This past Sunday, Andrew Sullivan neatly summarized what is going on in one corner of the consciousness debate – Alvin Plantinga, Thomas Nagel, Jerry Coyne and Sean Carrol. Writes Nagel:
I say this as someone who cannot imagine believing what he believes. But even those who cannot accept the theist alternative should admit that Plantinga’s criticisms of naturalism are directed at the deepest problem with that view—how it can account for the appearance, through the operation of the laws of physics and chemistry, of conscious beings like ourselves, capable of discovering those laws and understanding the universe that they govern. Defenders of naturalism have not ignored this problem, but I believe that so far, even with the aid of evolutionary theory, they have not proposed a credible solution. Perhaps theism and materialist naturalism are not the only alternatives.
I just finished the new book by Thomas Nagel “Mind & Cosmos.
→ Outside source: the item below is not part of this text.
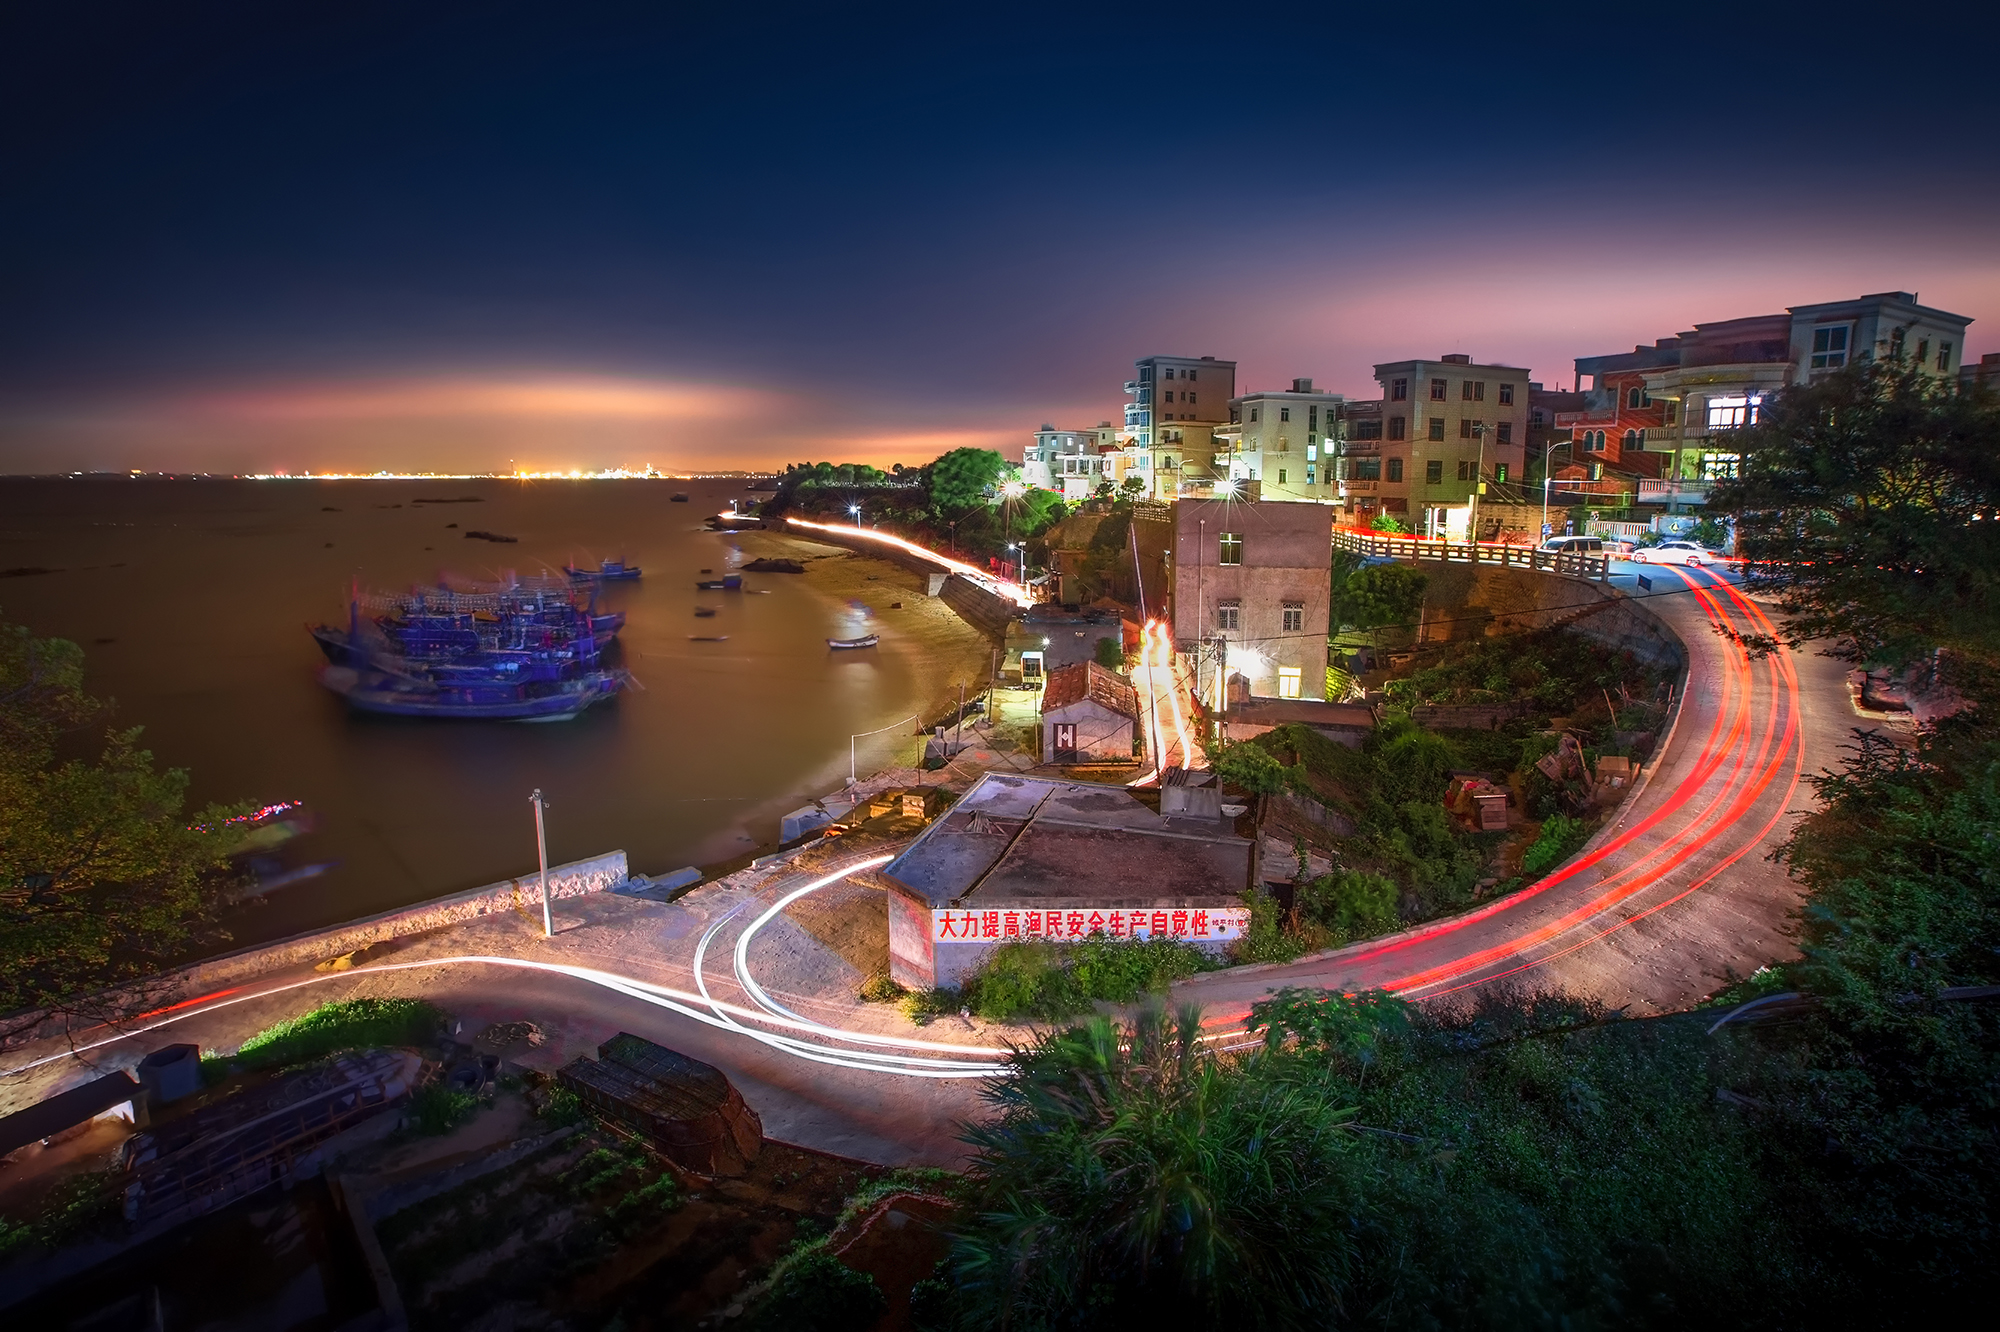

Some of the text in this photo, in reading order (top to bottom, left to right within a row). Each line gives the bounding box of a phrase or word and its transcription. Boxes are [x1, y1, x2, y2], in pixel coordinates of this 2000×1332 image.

[939, 910, 1209, 938] 大力提高渔民安全生产自觉性
Why the materialist neo-Darwinian conception of nature is almost certainly false” Oxford UP. Nagel has three good chapters on consciousness, cognition, and value, respectively.
For the happy few who are able to read Dutch, there is also this one:
http://rothbard.be/bestanden/boeken/HVV-web.pdf
Roger Penrose, Professor of Mathematics at the University of Oxford, in his book The Emperor’s Mind suggests that mathematics, and more particularly,the two Gödel’s theorems of incompleteness may also play a role in understanding conciousness. In this view, Chemistry and Phisics would only represent the axioms that can be listed by an effective procedure.
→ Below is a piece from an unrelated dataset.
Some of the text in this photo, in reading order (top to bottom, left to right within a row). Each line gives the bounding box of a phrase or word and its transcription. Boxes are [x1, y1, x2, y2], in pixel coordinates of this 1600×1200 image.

Penrose is one of most brilliant mathematical minds of our present age. He would know that Godel’s theorems of incompleteness are intended to apply to rigorous logical systems of mathematics, such as those attempted by Russell & Whitehead. They resolved a puzzle in Cantor’s transfinite numbers as to whether there was a transfinite number between aleph(0) and aleph(1), or whether there was a continuum of such numbers. In fact it was shown by Godel’s theorems, that the answer is undecidable. Whether there is in fact a chemistry or physics equivalent to Godel’s theorems I think can only be seen in analogy. There might be such an answer in the indeterminate questions of quantum mechanics, Heisenberg’s principle of uncertainty, and the quantum pairings of remote particles notwihstanding the limits imposed by speed of light.
I think I prefer Teilhard de Chardin’s approach to the evolution of consciouness. Teilhard worked on his theories during the 1920s-30s, but because of the constraints imposed by his Jesuit order they only became available after his death in 1955 with the publication of such works as his ‘Phenomenon of Man’ and ‘The Divine Milieu’. It is remarkable that fundamentally he foresaw the development of the Internet. A paleontologist and mystic, rather than a rigorous philosopher, Teilhard’s ideas are too speculative for some tastes, but nevertheless his ideas seem to have a wonderful cohesion. He sees the breakthrough in consciousness with the development of encephalisation, and nervous tissue, but I suspect his ideas go further back to even the intrinsic nature of matter.
“Teilhard’s attempts to combine Christian thought with modern science and traditional philosophy aroused widespread interest and controversy when his writings were published in the 1950s. Teilhard aimed at a metaphysic of evolution, holding that it was a process converging toward a final unity that he called the Omega point. He attempted to show that what is of permanent value in traditional philosophical thought can be maintained and even integrated with a modern scientific outlook if one accepts that the tendencies of material things are directed, either wholly or in part, beyond the things themselves toward the production of higher, more complex, more perfectly unified beings.” Socialisation was another important breakthrough.
“While some evolutionists regard man simply as a prolongation of the Pliocene fauna—an animal more successful than the rat or the elephant—Teilhard argued that the appearance of man brought an added dimension into the world. This he defines as the birth of reflection: animals know, but man knows that he knows; he has “knowledge to the square.” ” [Quotations from Encyclopedia Britannica]
I see Teilhard’s work as the one worthwhile attampt to synthesise the ideas of science, philosophy and religion. Unfortunately like most insightful geniuses who attempt to synthesise across disparate disciplines, he was rejected by them for either being insufficiently scientific or insufficiently theological. A scientist with strong religious views could do worse than to be familiar with his work.